When you have credit card input fields on the checkout page, these fields can be affected by JavaScript or PHP code. This risk disappears when you need to enter credit card details on another page, for example PayPal, or when the credit card form is loaded from a different site as an iframe. If you do not know how these fields are displayed on your website, we recommend contacting your online store administrator to explain if there is a risk of data leakage.

An example of how credit card details can be stolen

You have credit card fields on the checkout page, and you use some plugins, and one of them has a vulnerability such as “stored XSS”, which is quite often found in various plugins. We remind you that the more plugins you use, the greater the risk of having security issues. Always evaluate your plugins. “Stored XSS” vulnerability allows the hacker to place a keylogger in your online store and affect the credit card’s input fields, i.e. send them to the hacker.

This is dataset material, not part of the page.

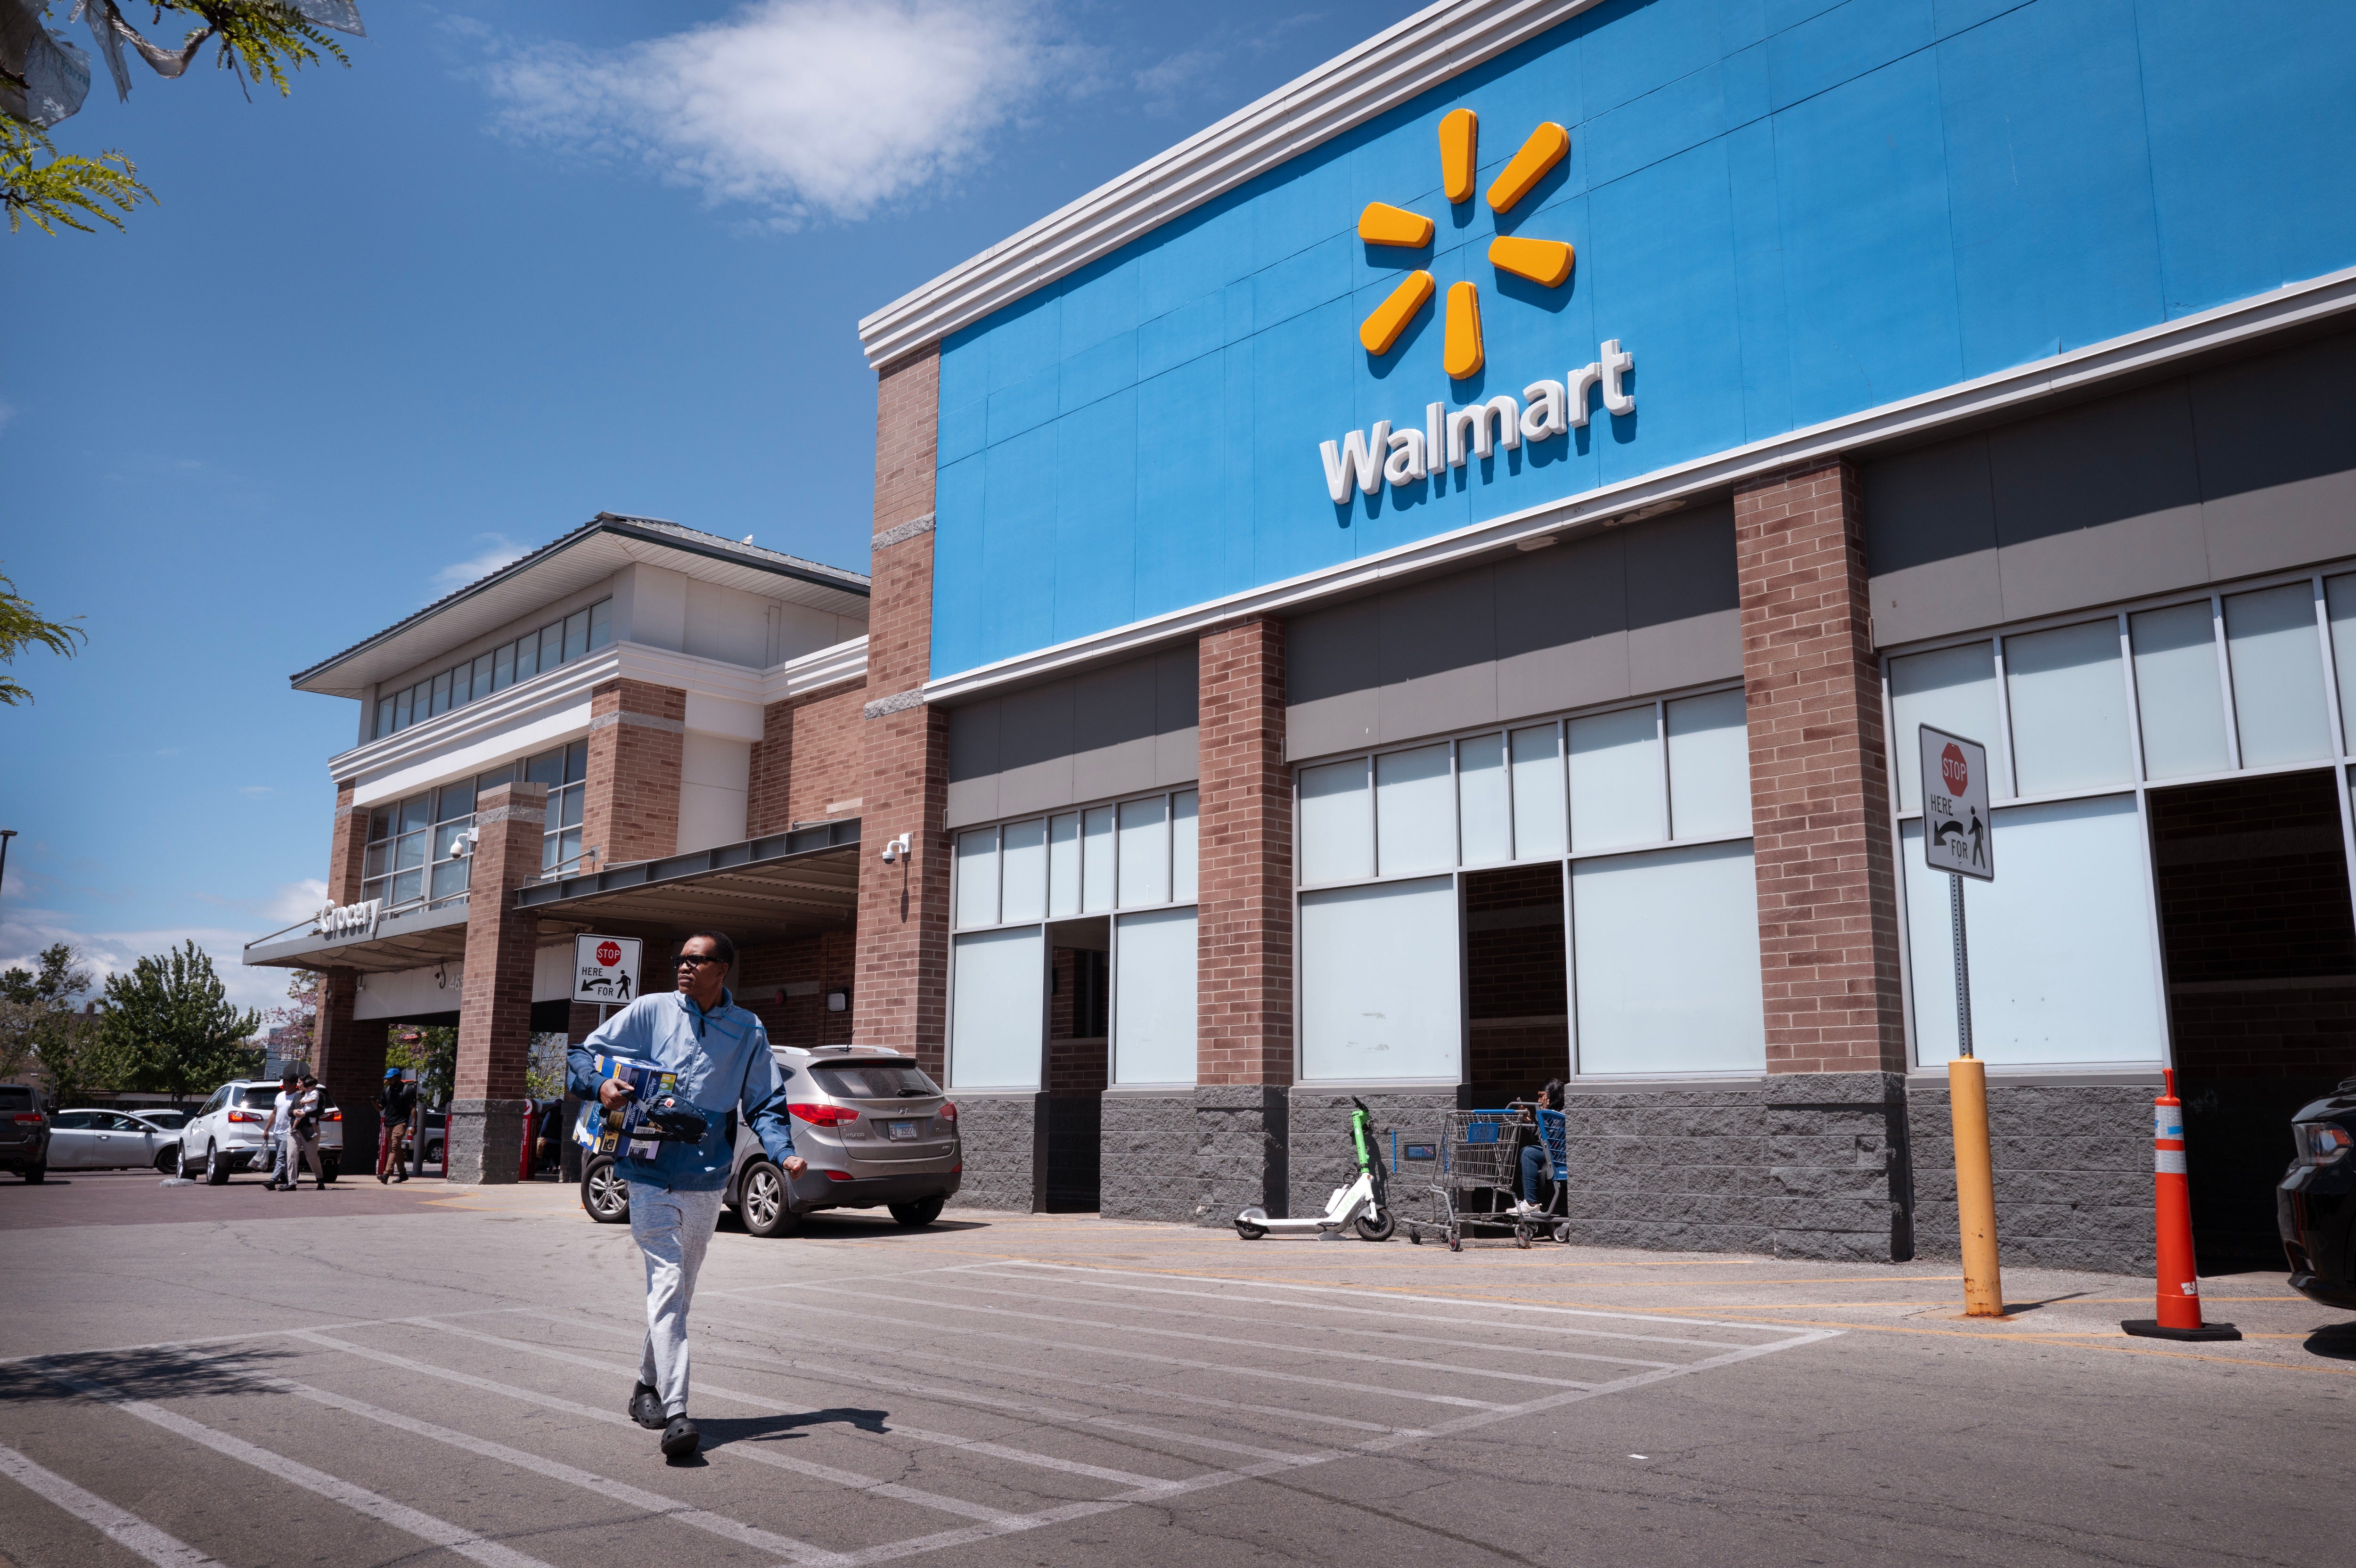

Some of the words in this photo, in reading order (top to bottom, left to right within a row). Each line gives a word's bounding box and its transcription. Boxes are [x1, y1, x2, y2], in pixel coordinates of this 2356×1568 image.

Let’s say you are using the Advanced Search for WooCommerce plugin, where we recently have found the “Stored XSS” vulnerability. This plugin has a Custom CSS field where the CSS code can be saved. The existing “Stored XSS” vulnerability allows changing this field even if the user is not logged-in on the website. The hacker places a keylogger (JavaScript script) that will be loaded on each page, including the payment page.

Keylogger is uploaded using the security vulnerability in Advanced Search for WooCommerce plugin.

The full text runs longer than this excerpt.